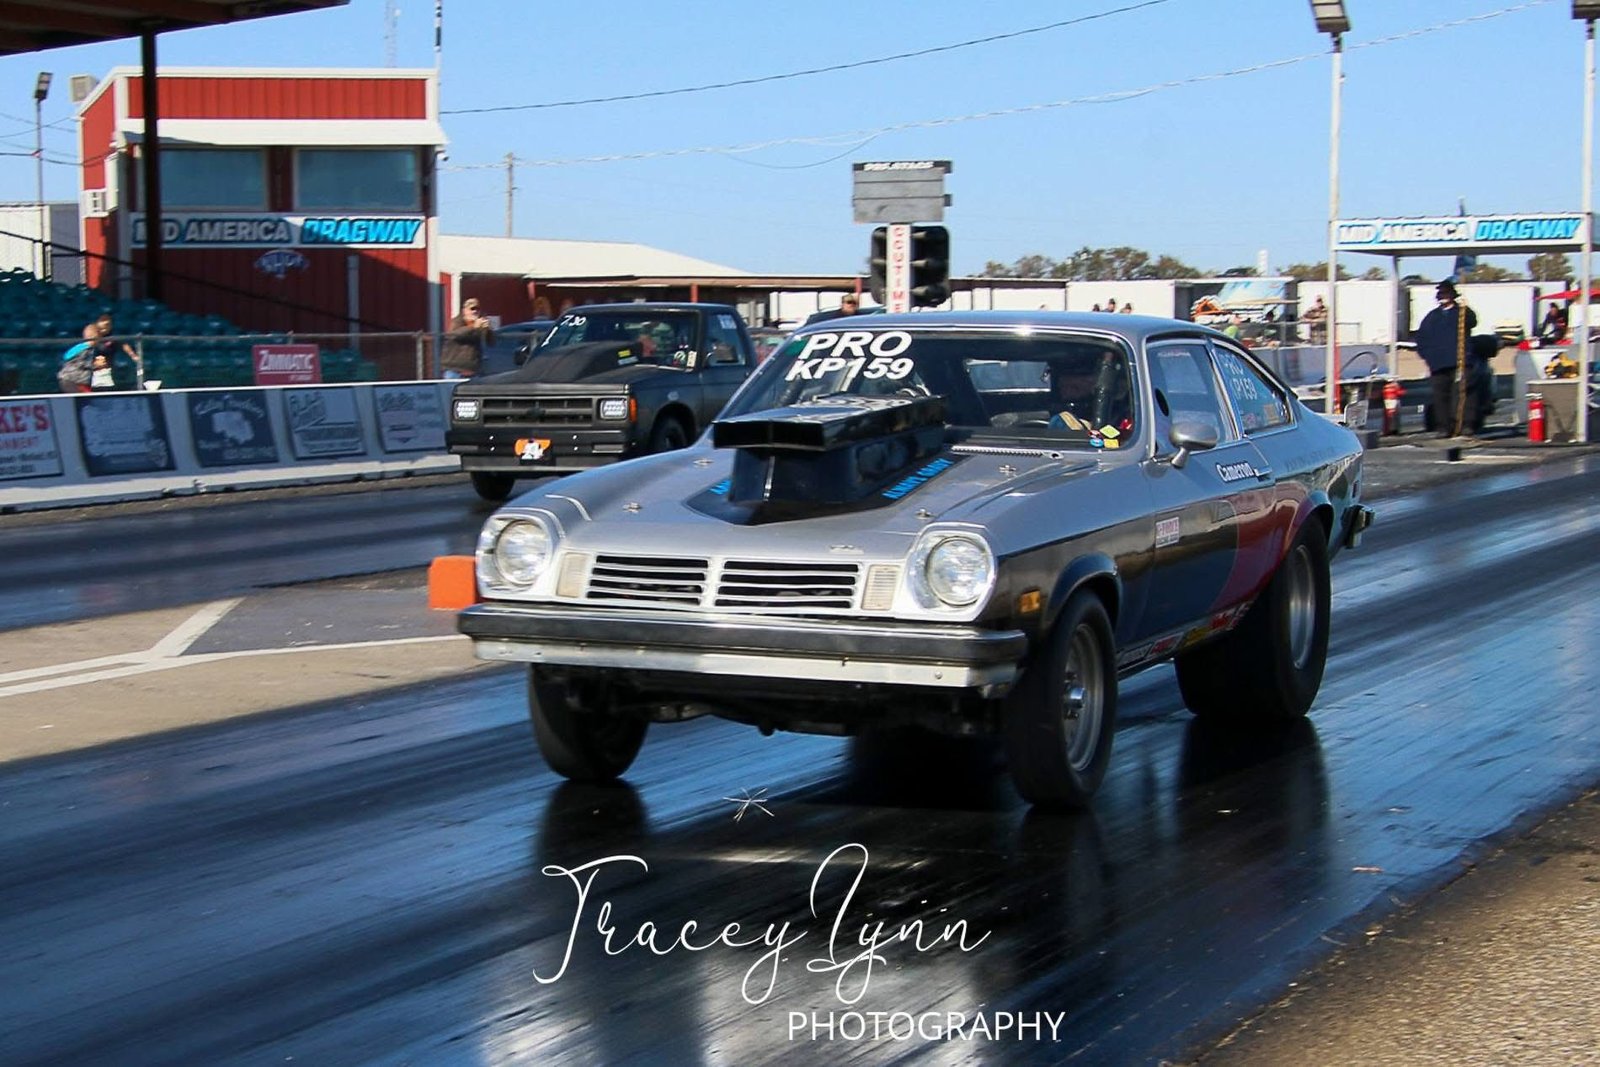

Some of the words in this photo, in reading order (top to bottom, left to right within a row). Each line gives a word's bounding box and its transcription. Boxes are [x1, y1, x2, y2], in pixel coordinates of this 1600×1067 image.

[184, 219, 292, 244] AMERICA
[302, 218, 421, 244] DRAGWAY
[1338, 224, 1375, 244] MID
[1377, 221, 1470, 243] AMERICA
[1473, 218, 1581, 242] DRAGWAY
[798, 331, 912, 359] PRO
[785, 357, 914, 381] KP159
[1216, 461, 1255, 482] Cameron
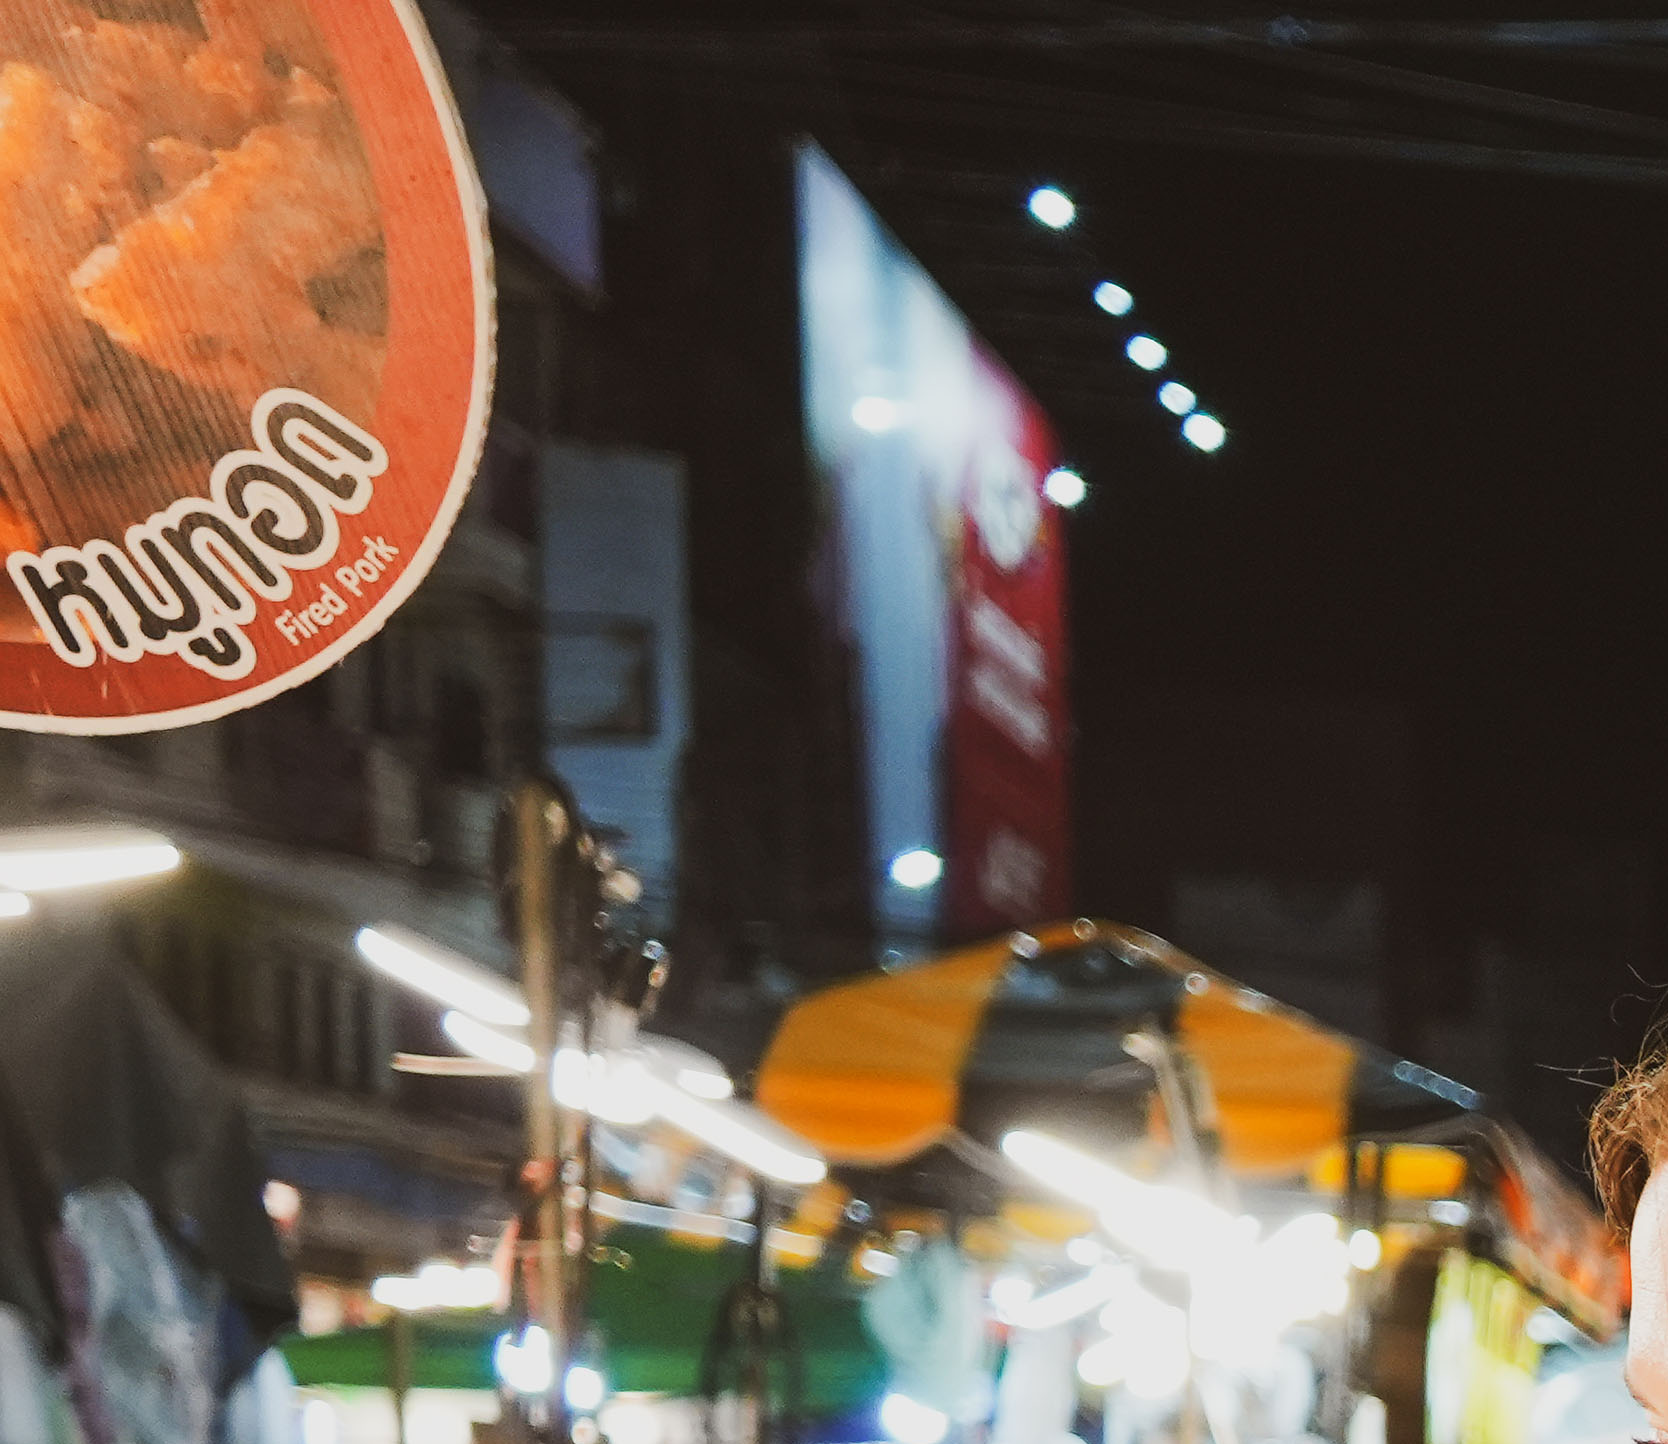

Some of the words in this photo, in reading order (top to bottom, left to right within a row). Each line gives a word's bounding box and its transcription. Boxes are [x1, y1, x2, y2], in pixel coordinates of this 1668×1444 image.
-------------------------
TASK => Set down the entries again without change. Leave the pictures out.

EXERCISE RESPONSE =>
Some of the words in this photo, in reading order (top to bottom, left to right within a row). Each line gives a word's bounding box and its transcription. Boxes are [x1, y1, x2, y2], in pixel coordinates of this 1600×1067 image.

[184, 219, 292, 244] AMERICA
[302, 218, 421, 244] DRAGWAY
[1338, 224, 1375, 244] MID
[1377, 221, 1470, 243] AMERICA
[1473, 218, 1581, 242] DRAGWAY
[798, 331, 912, 359] PRO
[785, 357, 914, 381] KP159
[1216, 461, 1255, 482] Cameron

Some of the words in this photo, in reading order (top to bottom, left to right within a row). Each line gives a word's bounding box and its transcription. Boxes are [x1, y1, x2, y2], in pixel coordinates of this 1668×1444 image.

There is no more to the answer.